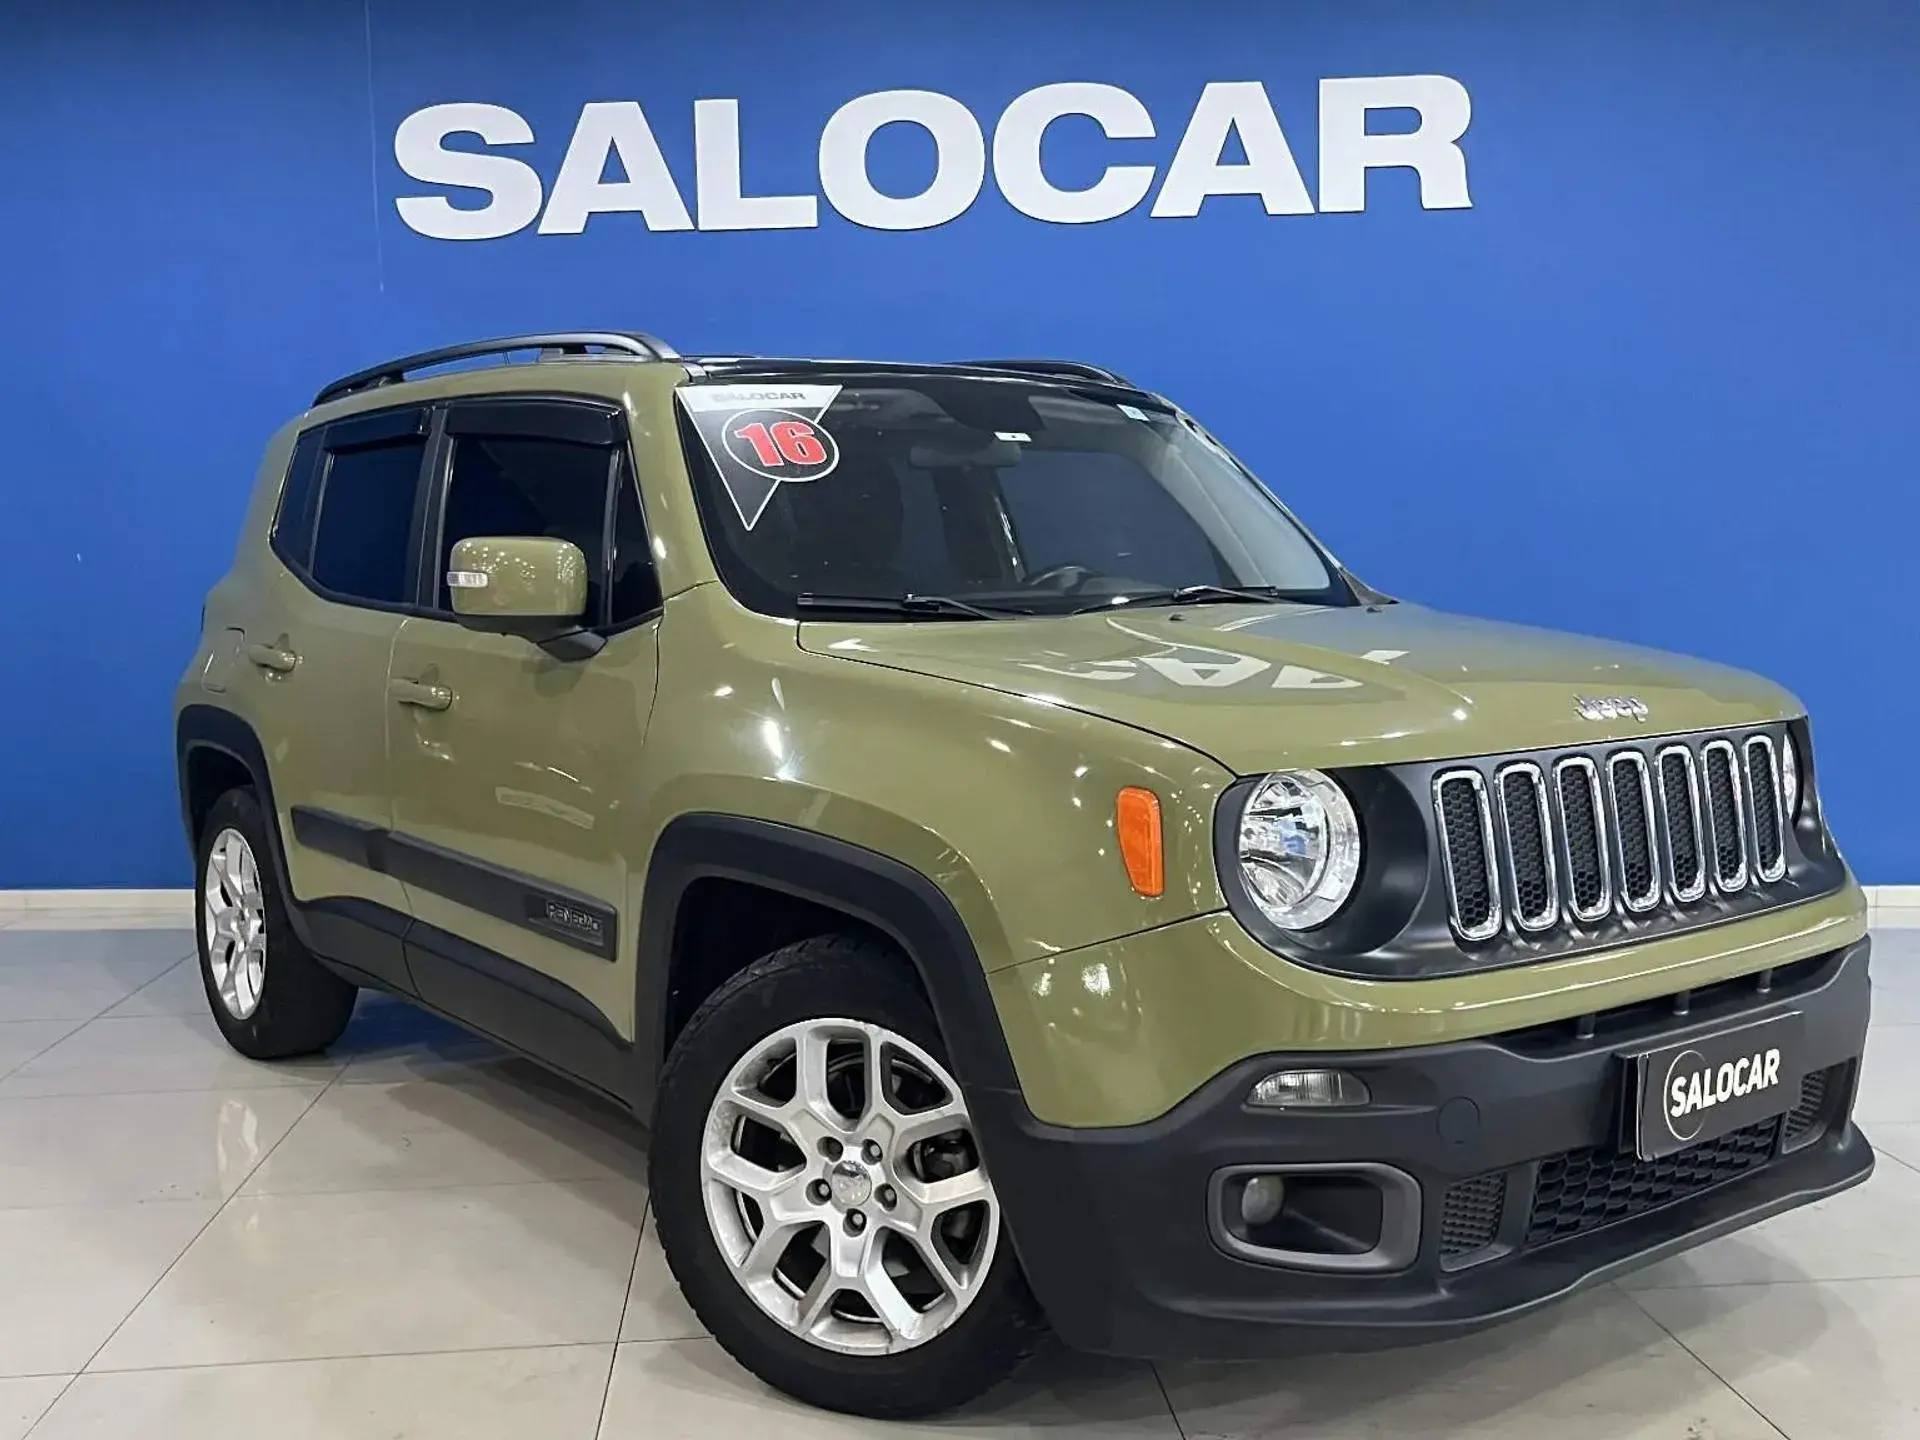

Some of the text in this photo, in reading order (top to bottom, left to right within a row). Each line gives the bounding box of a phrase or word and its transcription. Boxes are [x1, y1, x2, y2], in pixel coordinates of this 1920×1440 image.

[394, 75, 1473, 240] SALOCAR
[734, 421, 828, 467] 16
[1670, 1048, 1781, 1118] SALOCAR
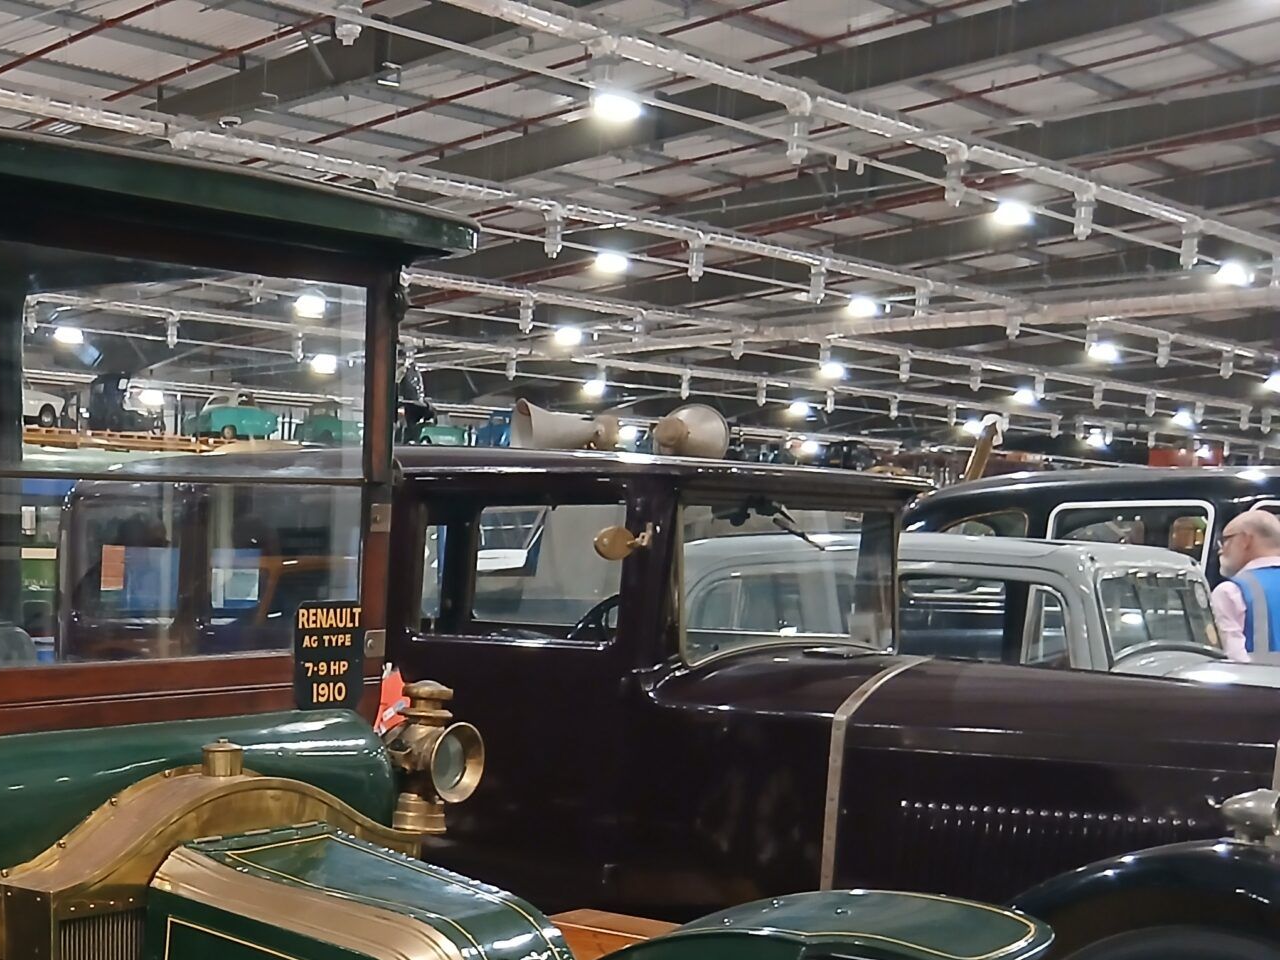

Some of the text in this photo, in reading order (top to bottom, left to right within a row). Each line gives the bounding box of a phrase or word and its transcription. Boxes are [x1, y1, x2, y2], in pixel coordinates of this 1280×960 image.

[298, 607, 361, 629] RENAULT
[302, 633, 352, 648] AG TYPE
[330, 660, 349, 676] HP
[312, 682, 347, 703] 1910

[Problem statement] What the answer must hold: all the data above, given again exactly, without pictures.

[Output below]
Some of the text in this photo, in reading order (top to bottom, left to right within a row). Each line gives the bounding box of a phrase or word and its transcription. Boxes are [x1, y1, x2, y2], in pixel coordinates of this 1920×1440 image.

[394, 75, 1473, 240] SALOCAR
[734, 421, 828, 467] 16
[1670, 1048, 1781, 1118] SALOCAR

Some of the text in this photo, in reading order (top to bottom, left to right within a row). Each line gives the bounding box of a phrase or word and its transcription. Boxes are [x1, y1, x2, y2], in pixel coordinates of this 1280×960 image.

[298, 607, 361, 629] RENAULT
[302, 633, 352, 648] AG TYPE
[330, 660, 349, 676] HP
[312, 682, 347, 703] 1910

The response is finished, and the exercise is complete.